We are turning 55 in about a month and we are not happy.  We now must come face to face with a lot of unpleasant realities. Namely,

In a short time, we will be fully qualified to order off of the senior citizen’s menu at Denny’s (a fact the three grown children remind us of on a regular basis). We don’t care much for the senior citizen’s menu largely from a vanity standpoint. Ordering the Senior Slam® forces us to admit to an age and point in life where people think they need to give us a discount. We think we would rather order the Original Slam®, avoid the truth, and preserve our ego.

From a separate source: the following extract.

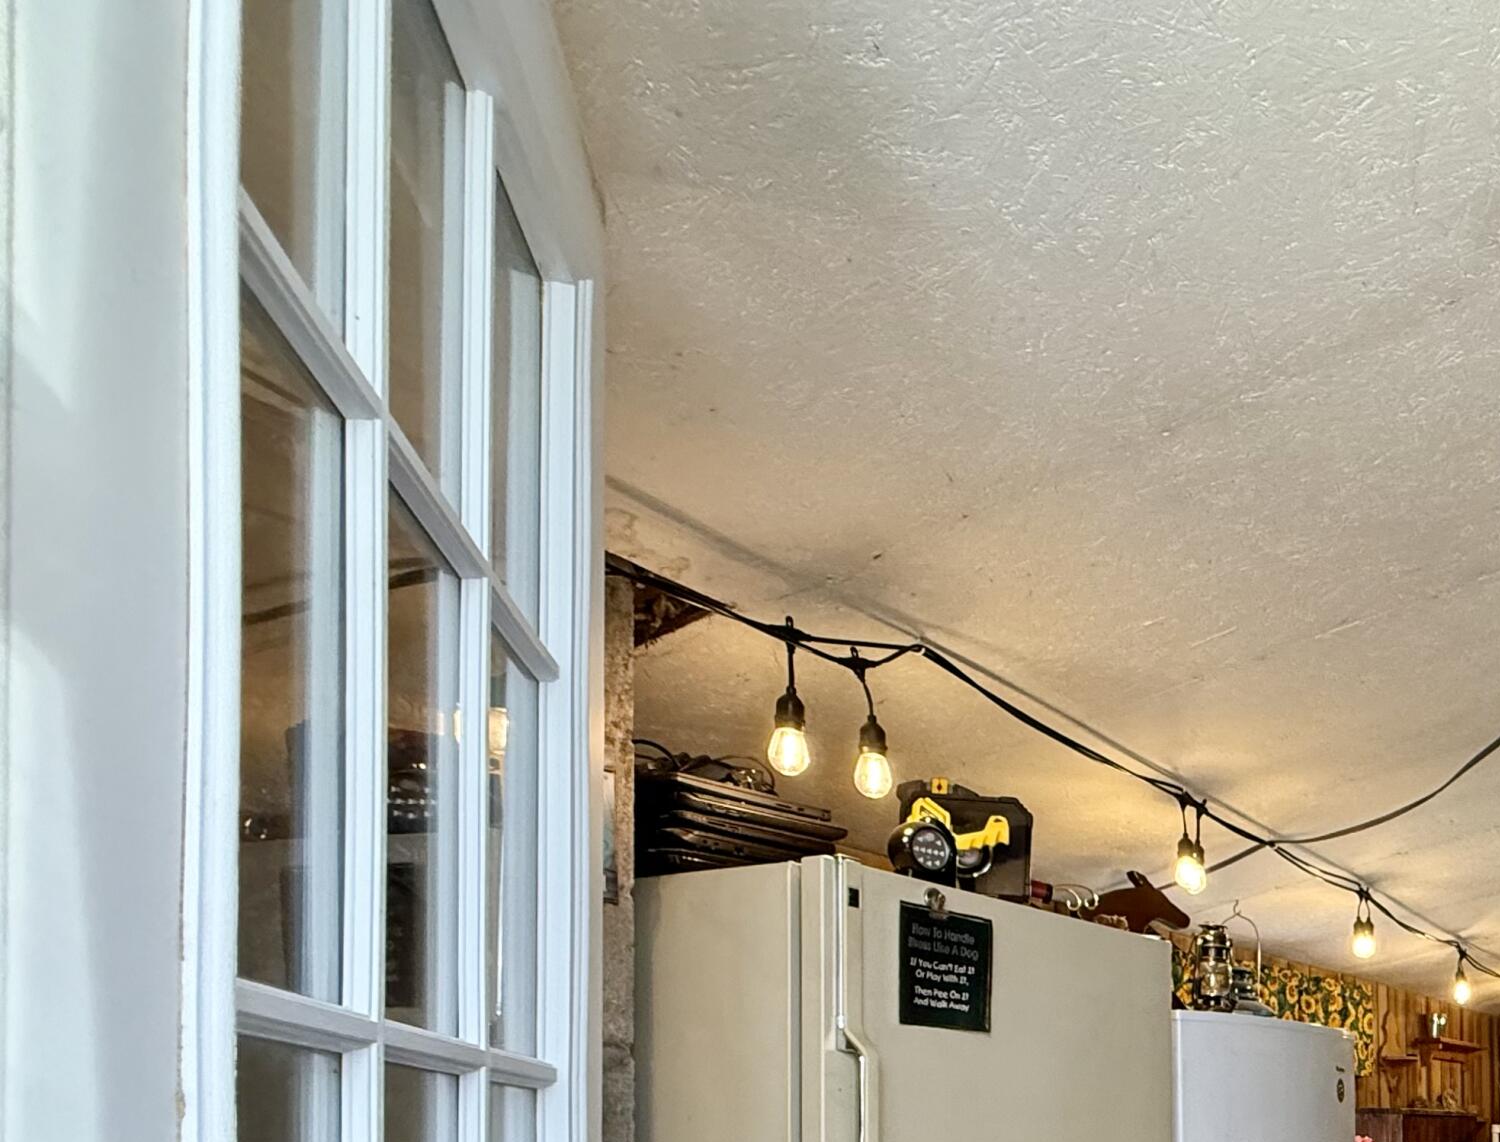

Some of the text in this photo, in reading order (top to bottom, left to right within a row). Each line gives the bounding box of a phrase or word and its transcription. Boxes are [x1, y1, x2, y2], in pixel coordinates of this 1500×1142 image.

We are getting more mail from AARP® and an assortment of other senior citizen groups that we really do not want to talk to. We wonder if there is some master “old goat” list that tells AARP and all the other senior focused groups how and where to find us. It must be part of the proverbial “right wing conspiracy” we hear so much about.

We can no longer talk in terms of what we will do when we grow up. For some odd reason, 55 seems to be the age when we are “grown up.” We dispute this theory on the thought that many men and women accomplished their greatest feats after the age of 55. We are informed by the wife that we can no longer use this excuse. This from the one whose motto is “she who must be obeyed.” We always thought that this applied only to the kids and are surprised to learn it also applies to us.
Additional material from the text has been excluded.